Erwin und Erna wollen sich nicht einschränken lassen. Sie fühlten sich schon vom DDR-Regime zu Recht eingeschränkt und sind 1989 auf die Straße gegangen. Sie haben Kohl und die blühenden Landschaften gewählt, dann aber, als diese für sie persönlich nicht blühten, die Linke unterstützt. Da diese aber nichts für sie tun konnte, weil sie einfach keine ausreichende Mehrheit hatte, haben die Müllers es nochmal mit der Union versucht. Natürlich war auch die Ära Merkel von Kompromissen bestimmt. Also waren die Müllers weiterhin unzufrieden mit „denen da oben“ und haben gar nicht mehr vom Wahlrecht Gebrauch gemacht. Erst als Bündnis90/Die Grünen bei der letzten Bundestagswahl eine reelle Chance hatten, etwas zu bewirken, haben Erwin und Erna diese gewählt. Herausgekommen ist die Ampel. Und was müssen die Müllers feststellen? Drei Parteien mit teilweise stark auseinanderklaffenden Vorstellungen kämpfen um Kompromisse, und sind weit entfernt davon dafür zu sorgen, dass sich die Müllers so richtig frei fühlen. Im Gegenteil, noch nie fühlten sich Erwin und Erna so sehr in ihrer individuellen Freiheit eingeschränkt. Schuld sind natürlich nicht nur die Grünen, auch SPD und FDP. Auch die Union hat ausgespielt für sie, und die Linke sowieso.

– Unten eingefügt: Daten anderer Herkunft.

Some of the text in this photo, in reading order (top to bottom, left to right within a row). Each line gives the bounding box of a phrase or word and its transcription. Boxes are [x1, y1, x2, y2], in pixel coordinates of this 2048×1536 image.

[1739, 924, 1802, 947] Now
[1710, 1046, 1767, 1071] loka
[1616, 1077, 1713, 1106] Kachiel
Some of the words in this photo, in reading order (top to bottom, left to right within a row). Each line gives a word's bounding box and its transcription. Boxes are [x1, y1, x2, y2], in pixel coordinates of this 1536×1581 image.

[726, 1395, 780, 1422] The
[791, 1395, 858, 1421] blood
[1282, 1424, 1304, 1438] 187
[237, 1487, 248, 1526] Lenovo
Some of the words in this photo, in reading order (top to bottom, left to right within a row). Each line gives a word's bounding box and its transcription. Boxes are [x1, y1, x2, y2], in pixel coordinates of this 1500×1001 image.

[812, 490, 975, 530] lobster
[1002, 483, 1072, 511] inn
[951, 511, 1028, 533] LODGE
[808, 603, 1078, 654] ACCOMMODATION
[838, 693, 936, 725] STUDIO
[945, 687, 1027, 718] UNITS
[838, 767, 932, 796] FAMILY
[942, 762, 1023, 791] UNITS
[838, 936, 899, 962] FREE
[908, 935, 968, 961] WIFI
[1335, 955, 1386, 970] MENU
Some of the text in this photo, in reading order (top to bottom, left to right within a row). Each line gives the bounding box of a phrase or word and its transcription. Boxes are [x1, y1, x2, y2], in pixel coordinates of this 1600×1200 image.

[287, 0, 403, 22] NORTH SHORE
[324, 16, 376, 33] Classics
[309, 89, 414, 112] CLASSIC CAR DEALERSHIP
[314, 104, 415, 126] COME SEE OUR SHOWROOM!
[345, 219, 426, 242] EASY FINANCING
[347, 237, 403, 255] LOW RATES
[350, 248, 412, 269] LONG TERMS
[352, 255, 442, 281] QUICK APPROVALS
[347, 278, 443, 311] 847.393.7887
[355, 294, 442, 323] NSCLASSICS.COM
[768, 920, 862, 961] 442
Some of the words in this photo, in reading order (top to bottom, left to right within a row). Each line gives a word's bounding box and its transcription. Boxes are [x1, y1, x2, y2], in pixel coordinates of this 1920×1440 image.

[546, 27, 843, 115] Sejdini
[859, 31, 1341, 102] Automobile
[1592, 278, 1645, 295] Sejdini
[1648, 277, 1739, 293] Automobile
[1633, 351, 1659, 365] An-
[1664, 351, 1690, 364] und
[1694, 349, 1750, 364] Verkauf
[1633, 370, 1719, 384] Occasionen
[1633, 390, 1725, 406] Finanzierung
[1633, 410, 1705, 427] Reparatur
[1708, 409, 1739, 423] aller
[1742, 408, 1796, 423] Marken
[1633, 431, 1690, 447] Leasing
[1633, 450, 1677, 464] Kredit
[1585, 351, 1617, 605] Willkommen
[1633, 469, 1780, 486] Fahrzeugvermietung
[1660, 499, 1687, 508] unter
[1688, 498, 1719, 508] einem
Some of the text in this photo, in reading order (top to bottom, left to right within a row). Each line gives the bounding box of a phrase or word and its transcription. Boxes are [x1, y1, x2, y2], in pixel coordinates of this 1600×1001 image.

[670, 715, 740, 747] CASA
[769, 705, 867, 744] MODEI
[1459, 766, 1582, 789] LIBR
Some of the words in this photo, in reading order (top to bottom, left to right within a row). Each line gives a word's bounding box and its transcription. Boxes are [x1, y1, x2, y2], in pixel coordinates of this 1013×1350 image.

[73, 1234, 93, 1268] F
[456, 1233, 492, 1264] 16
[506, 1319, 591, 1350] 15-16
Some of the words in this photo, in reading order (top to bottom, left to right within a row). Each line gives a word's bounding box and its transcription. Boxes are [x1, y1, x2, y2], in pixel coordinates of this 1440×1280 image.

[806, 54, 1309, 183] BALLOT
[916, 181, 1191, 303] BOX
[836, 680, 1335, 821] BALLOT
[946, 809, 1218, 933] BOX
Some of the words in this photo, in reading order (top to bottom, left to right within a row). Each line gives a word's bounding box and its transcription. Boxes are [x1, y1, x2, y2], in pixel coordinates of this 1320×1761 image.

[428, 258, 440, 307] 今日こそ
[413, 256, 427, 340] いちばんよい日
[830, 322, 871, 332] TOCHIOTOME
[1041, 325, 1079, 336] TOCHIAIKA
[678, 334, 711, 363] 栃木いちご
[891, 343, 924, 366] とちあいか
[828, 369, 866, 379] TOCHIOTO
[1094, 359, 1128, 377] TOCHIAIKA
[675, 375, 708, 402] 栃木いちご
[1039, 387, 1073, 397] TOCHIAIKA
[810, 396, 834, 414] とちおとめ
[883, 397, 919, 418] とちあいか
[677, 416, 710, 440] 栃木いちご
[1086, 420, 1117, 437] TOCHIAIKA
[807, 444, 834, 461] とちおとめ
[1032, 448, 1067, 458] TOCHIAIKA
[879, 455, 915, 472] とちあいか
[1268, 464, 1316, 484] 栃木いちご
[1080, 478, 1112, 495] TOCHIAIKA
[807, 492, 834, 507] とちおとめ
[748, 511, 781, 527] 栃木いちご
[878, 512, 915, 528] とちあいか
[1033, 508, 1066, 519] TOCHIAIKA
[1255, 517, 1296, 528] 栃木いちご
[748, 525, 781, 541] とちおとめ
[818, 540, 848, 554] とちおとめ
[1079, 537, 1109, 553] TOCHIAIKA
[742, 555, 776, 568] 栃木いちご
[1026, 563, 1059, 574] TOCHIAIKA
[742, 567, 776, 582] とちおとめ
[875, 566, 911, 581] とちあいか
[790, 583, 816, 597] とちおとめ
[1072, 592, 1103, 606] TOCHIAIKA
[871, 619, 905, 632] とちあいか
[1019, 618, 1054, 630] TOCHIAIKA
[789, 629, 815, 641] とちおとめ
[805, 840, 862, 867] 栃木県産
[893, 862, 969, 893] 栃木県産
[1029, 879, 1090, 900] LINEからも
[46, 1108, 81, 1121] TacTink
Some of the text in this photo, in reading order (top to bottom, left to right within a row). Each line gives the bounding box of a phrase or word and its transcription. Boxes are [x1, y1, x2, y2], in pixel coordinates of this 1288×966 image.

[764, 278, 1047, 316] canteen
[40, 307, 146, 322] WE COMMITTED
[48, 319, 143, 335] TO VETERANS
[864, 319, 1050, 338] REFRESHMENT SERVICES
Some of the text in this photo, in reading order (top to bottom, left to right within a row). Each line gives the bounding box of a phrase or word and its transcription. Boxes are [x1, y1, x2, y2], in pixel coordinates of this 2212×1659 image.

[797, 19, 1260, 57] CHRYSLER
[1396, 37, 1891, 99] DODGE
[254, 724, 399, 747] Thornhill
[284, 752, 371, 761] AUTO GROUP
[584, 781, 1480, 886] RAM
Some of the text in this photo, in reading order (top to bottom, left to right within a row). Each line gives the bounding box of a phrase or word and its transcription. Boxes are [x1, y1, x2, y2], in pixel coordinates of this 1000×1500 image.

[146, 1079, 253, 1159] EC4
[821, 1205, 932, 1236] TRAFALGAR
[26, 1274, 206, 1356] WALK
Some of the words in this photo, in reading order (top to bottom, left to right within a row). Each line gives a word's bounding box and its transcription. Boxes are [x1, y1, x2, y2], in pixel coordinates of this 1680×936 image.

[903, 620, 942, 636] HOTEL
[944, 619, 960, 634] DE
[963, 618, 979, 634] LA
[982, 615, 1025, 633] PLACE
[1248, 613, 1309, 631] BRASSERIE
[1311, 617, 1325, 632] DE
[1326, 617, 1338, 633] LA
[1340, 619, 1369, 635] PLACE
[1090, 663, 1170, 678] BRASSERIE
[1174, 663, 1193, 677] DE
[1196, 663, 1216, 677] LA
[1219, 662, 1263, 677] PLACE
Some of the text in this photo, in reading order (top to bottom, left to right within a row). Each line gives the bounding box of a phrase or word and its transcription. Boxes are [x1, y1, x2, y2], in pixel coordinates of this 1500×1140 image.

Das nächste Mal wählen Müllers die AfD. Nicht weil sie eine rechtsextreme Gesinnung haben, und vielleicht sind sie nicht einmal der Ansicht, dass das Land „von Migranten überschwemmt wird“. Die AfD ist ganz einfach die Partei, die „noch nicht dran“ war und die auch gegen „die da oben“ ist. Dass die AfD wie alle im Bundestag vertretenen Parteien ebenfalls zu „denen da oben“ zählt, ist bei den Müllers nicht so richtig angekommen. Parteiprogramme haben Erwin und Erna noch nie interessiert. Warum auch, die werden ohnehin nie umgesetzt. Die Politiker versprechen alles mögliche und halten ihre Versprechen eh nicht. Dass es daran liegt, dass (zum Glück!) schon lange nicht mehr eine Partei allein die Regierung stellt und in einer Koalition Parteiziele nicht uneingeschränkt umgesetzt werden können, ist ihnen nicht bewusst.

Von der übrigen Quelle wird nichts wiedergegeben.